Archive for May, 2009

Dallas Fed Shows Labor Losses Slowing, Capital on Hold

Saturday, May 30th, 2009

By Greg Moses

Charts that accompany the Dallas Federal Reserve’s May 26 Texas Manufacturing Outlook Survey tend to trace v-shaped signs of a struggling recovery, but the uptrend lines are still “underwater,” which means all talk of recovery is only a way of saying less worse.

About 80 percent of Texas manufacturers reported that they were not cutting or planning to cut compensation, but about one third said they were cutting jobs and weekly hours in May, which is less worse than April.

Meanwhile, says the DalFed, “Investment plans were still largely on hold,” with only seven percent reporting some increases of (or plans to increase) capital expenditures.

The MoneyTree Report of private equity activity shows 24 deals made in Texas during the first quarter of 2009 totaling $156 million. To find a lower dollar figure you have to go back to the first quarter of 1998. To find a lower number of deals you have to go back to 1995.

Texas ranks fifth of 18 regions for capital equity interest, with the Silicon Valley of California dominating the field. In Q1 2009 there were 173 deals cut there with a combined dollar value of $1.1 billion dollars. California also contributes the fourth largest region for private equity in L.A. / Orange County where 39 deals were closed for a total of $208 million.

The other two top five regions are New England and the New York Metro area which did a combined 121 deals for $700 million.

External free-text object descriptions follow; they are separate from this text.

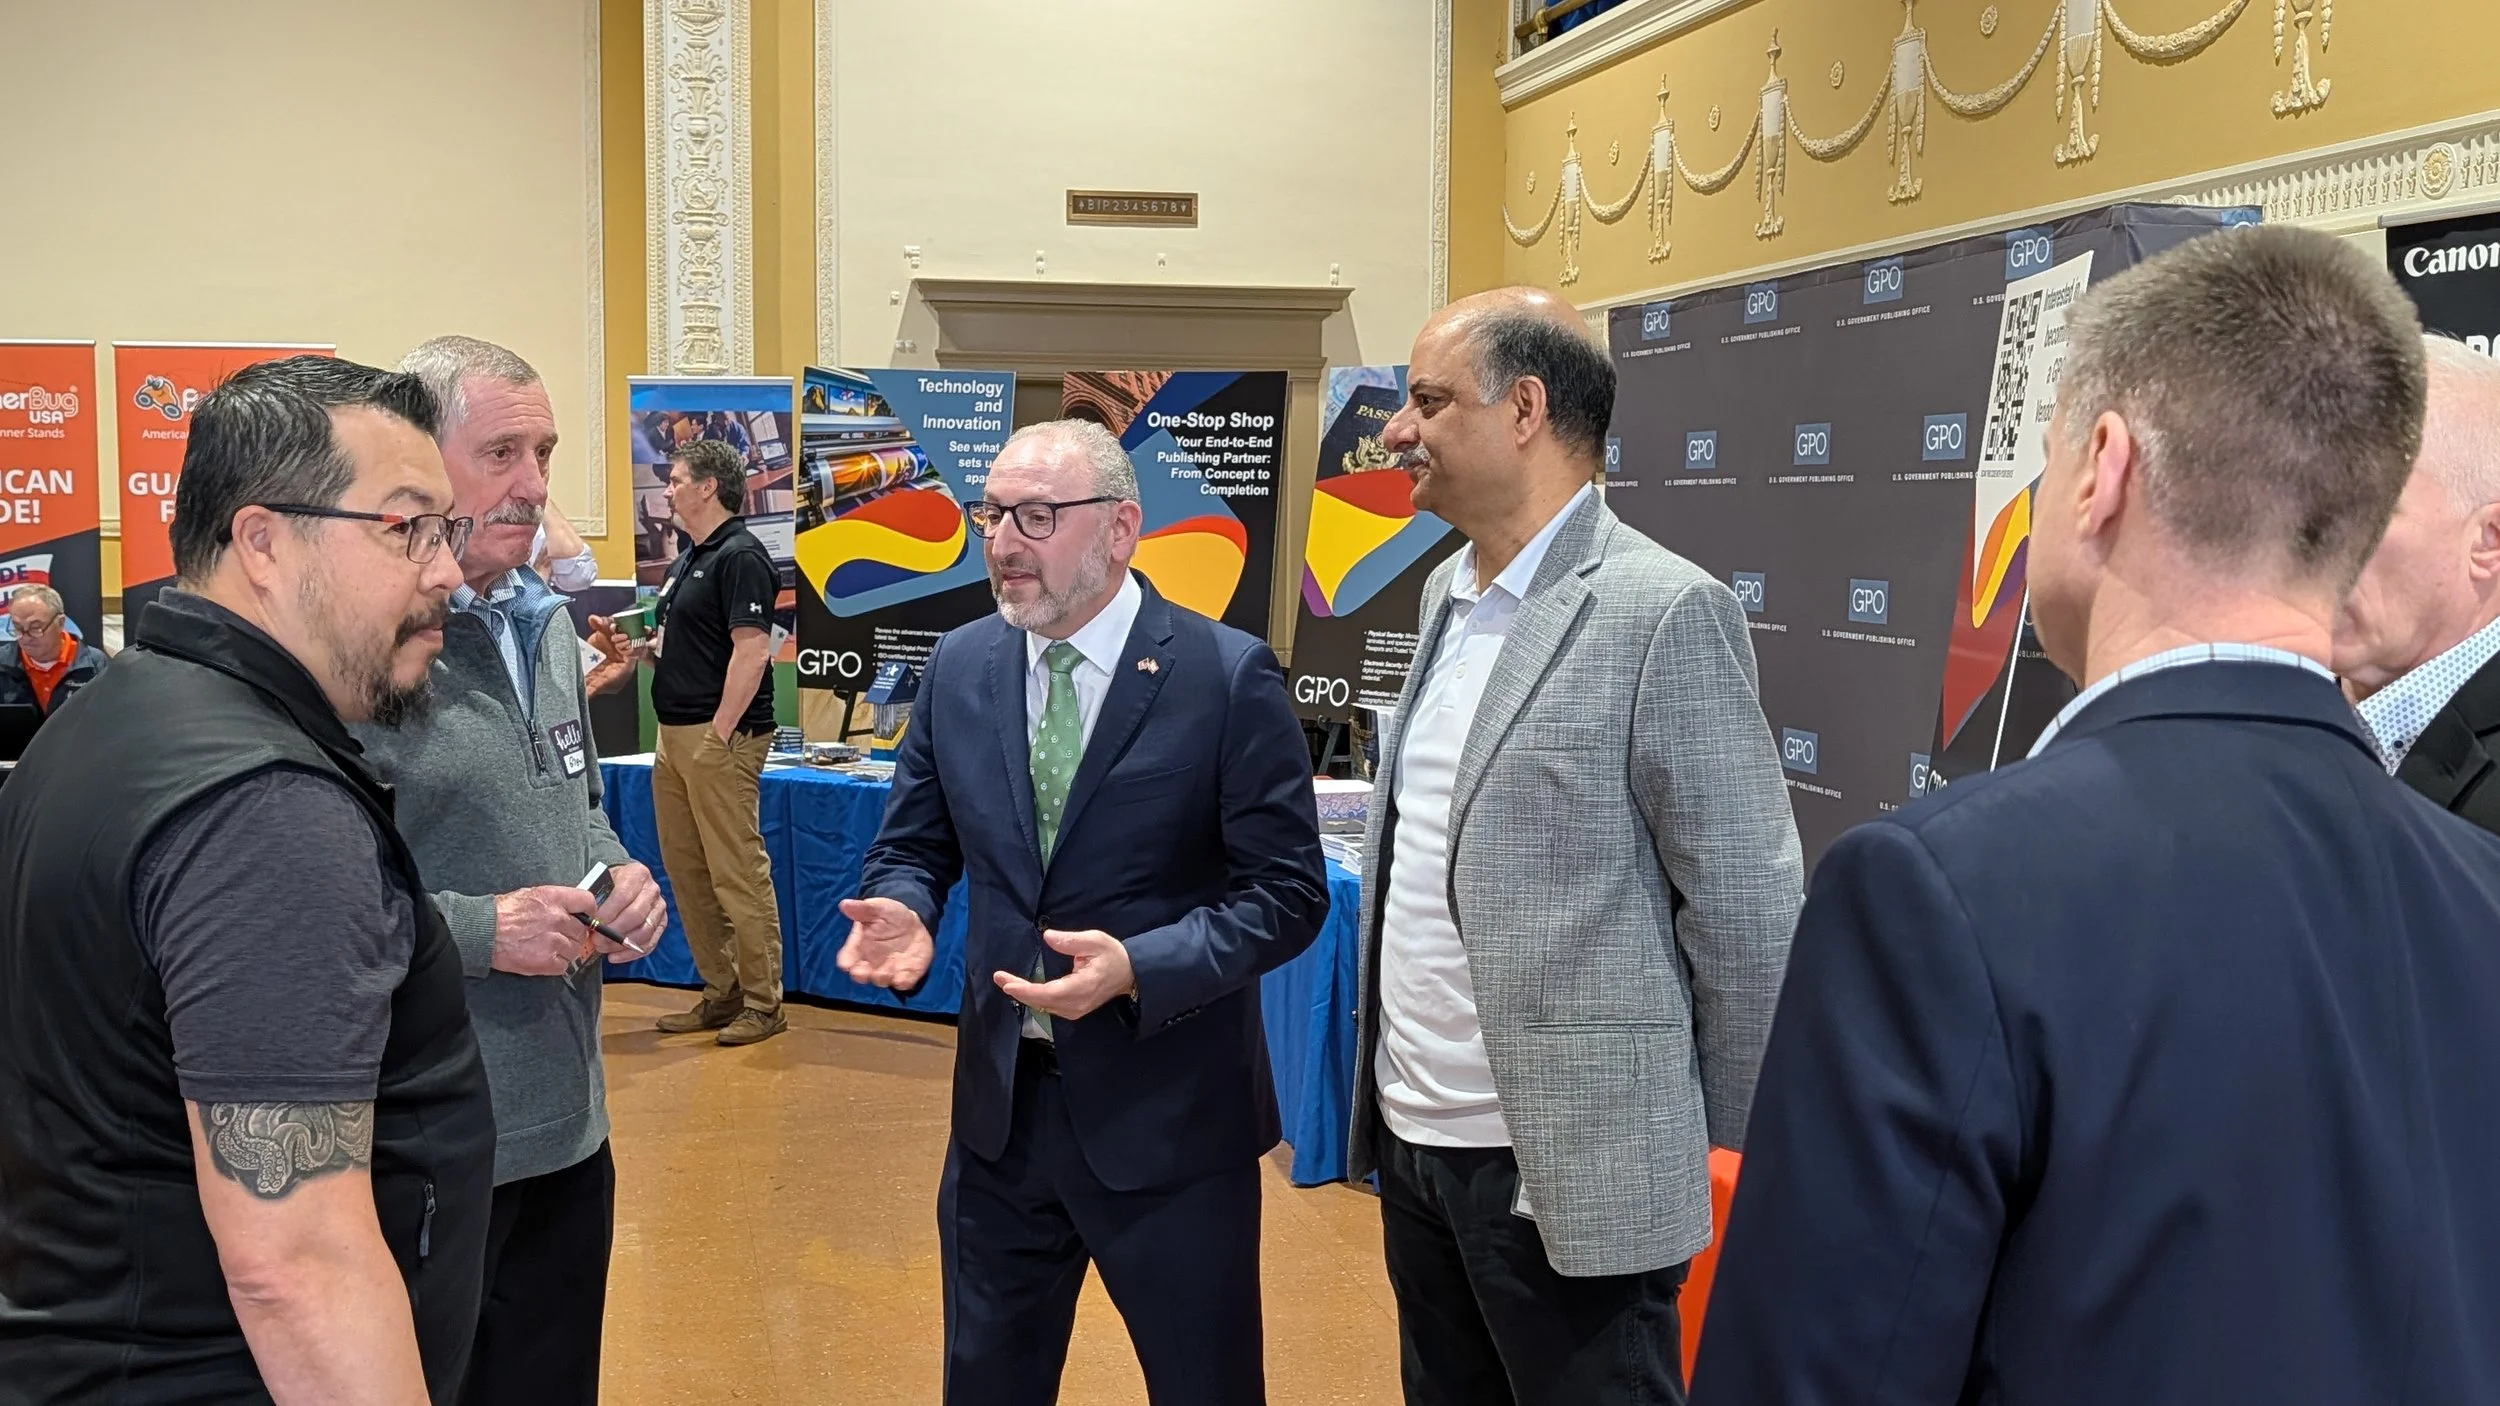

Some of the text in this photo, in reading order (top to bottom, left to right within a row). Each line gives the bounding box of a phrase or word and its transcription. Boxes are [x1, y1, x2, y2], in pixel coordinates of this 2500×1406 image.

[2010, 236, 2050, 268] GPO
[1867, 266, 1901, 294] GPO
[1747, 290, 1776, 315] GPO
[1972, 293, 2005, 305] U.S. GOVER
[2043, 278, 2075, 312] Interested
[1643, 309, 1669, 333] GPO
[1836, 305, 1931, 327] U.S. GOVERNMENT PUBLISHING OFFICE
[1730, 333, 1758, 343] GOVERNMENT
[1758, 329, 1784, 339] PUBLISHING
[1784, 326, 1801, 335] OFFICE
[918, 378, 1004, 398] Technology
[0, 386, 79, 418] erBug
[974, 399, 1003, 412] and
[29, 410, 64, 424] USA
[1147, 412, 1274, 431] One-Stop Shop
[1356, 405, 1393, 421] PASS
[923, 414, 1001, 431] Innovation
[27, 428, 65, 439] Stands
[142, 429, 187, 440] America
[1175, 436, 1273, 448] Your End-to-End
[1926, 423, 1962, 450] GPO
[949, 441, 1000, 453] See what
[1688, 439, 1714, 461] GPO
[1796, 431, 1827, 456] GPO
[958, 458, 981, 468] sets
[1157, 452, 1271, 466] Publishing Partner:
[1606, 445, 1619, 464] PO
[1170, 468, 1270, 481] From Concept to
[1779, 475, 1808, 483] GOVERNMENT
[1809, 475, 1837, 483] PUBLISHING
[1837, 474, 1854, 482] OFFICE
[1904, 473, 1939, 481] GOVERNMENT
[1940, 471, 1973, 480] PUBLISHING
[1200, 484, 1269, 497] Completion
[1734, 580, 1762, 603] GPO
[1852, 588, 1885, 614] GPO
[1747, 622, 1787, 632] UBLISHING OFFICE
[1821, 629, 1916, 647] U.S. GOVERNMENT PUBLISHING OFFICE
[797, 648, 862, 678] GPO
[1295, 675, 1349, 707] GPO
[1784, 736, 1814, 764] GPO
[1796, 781, 1824, 794] PUBLISHING
[1824, 789, 1842, 799] OFFICE

You may recall recent studies arguing that Texas is winning the business war in the U.S. because of low taxes and lax regulation. But investors prefer Cali to Texas by a ratio of $8 to one.

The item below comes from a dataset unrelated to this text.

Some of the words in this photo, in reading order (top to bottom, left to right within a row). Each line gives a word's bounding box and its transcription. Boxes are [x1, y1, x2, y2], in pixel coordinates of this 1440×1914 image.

Once we get past the huge tech bubble of the Y2K years, we find that the overall national trend in private equity investing rose to a high of $8 billion in Q4 2007, down to $3 billion in Q1 2009.

Although I don’t have the figures for global deals, it is possible to infer from the hot stock markets in Brazil, Russia, India, and China, that capital spending is building a home of BRIC. And beyond those emerging markets are places that global capital calls “frontier” such as the MENA countries of the Middle East and North Africa, which not by chance reminds us that the MENA frontier is not far from Iraq or Afghanistan.

So the manufacturer survey in Texas has brought us around to some big questions about the kind of recovery that is possible as the frontier of “primitive accumulation” capital moves through world history. As commentators such as Jim Cramer have remarked, this recovery will likely go better in the short term if the dollar weakens. Now that Dollar Bill has proved his global power by causing a simultaneous global meltdown, it is only proper that the grand old fella should mingle a little more modestly with peer currencies of exchange.

On this point, I don’t see where the Chinese Communist Party can be all that sincere in scolding American central bankers for printing their way out of the Dollar Bill mess. I mean, Marxists should be able to do the math. Where did they think this whole game was heading as they crammed American houses full of manufactured crap.

Already I want to apologize for that last sentence. My Made-in-China winter coat that I ordered from Cabela’s is a virtual body thermos, and who can inventory which Chinese gems keep me happy at my Dell keyboard. But you’ve seen what happens — haven’t you? — when Miss Niecy shows up for a project on Clean House. All I’m saying is that there must be some kind of Chinese term for codependency.

So Dollar Bill crashes the world and then watches as emerging markets and frontiers get up quicker than he. He should know the difference between right and wrong by now. He should have read more Plato instead of going around thinking that expediency could outlast justice in the American republic.

In the end, Dollar Bill will be worth what those who use him make him worth. And there is really no way around the fact that the only thing which makes a dollar worth anything is somebody’s hard work. If July is going to be better than June — instead of less worse — it will be because so many more people have figured out how the labor power of Texas — ready, willing, and able — can do something rather than nothing to contribute to a more valuable world.

And perhaps a more modest Dollar Bill will figure out that a more valuable world will be more peaceful, too.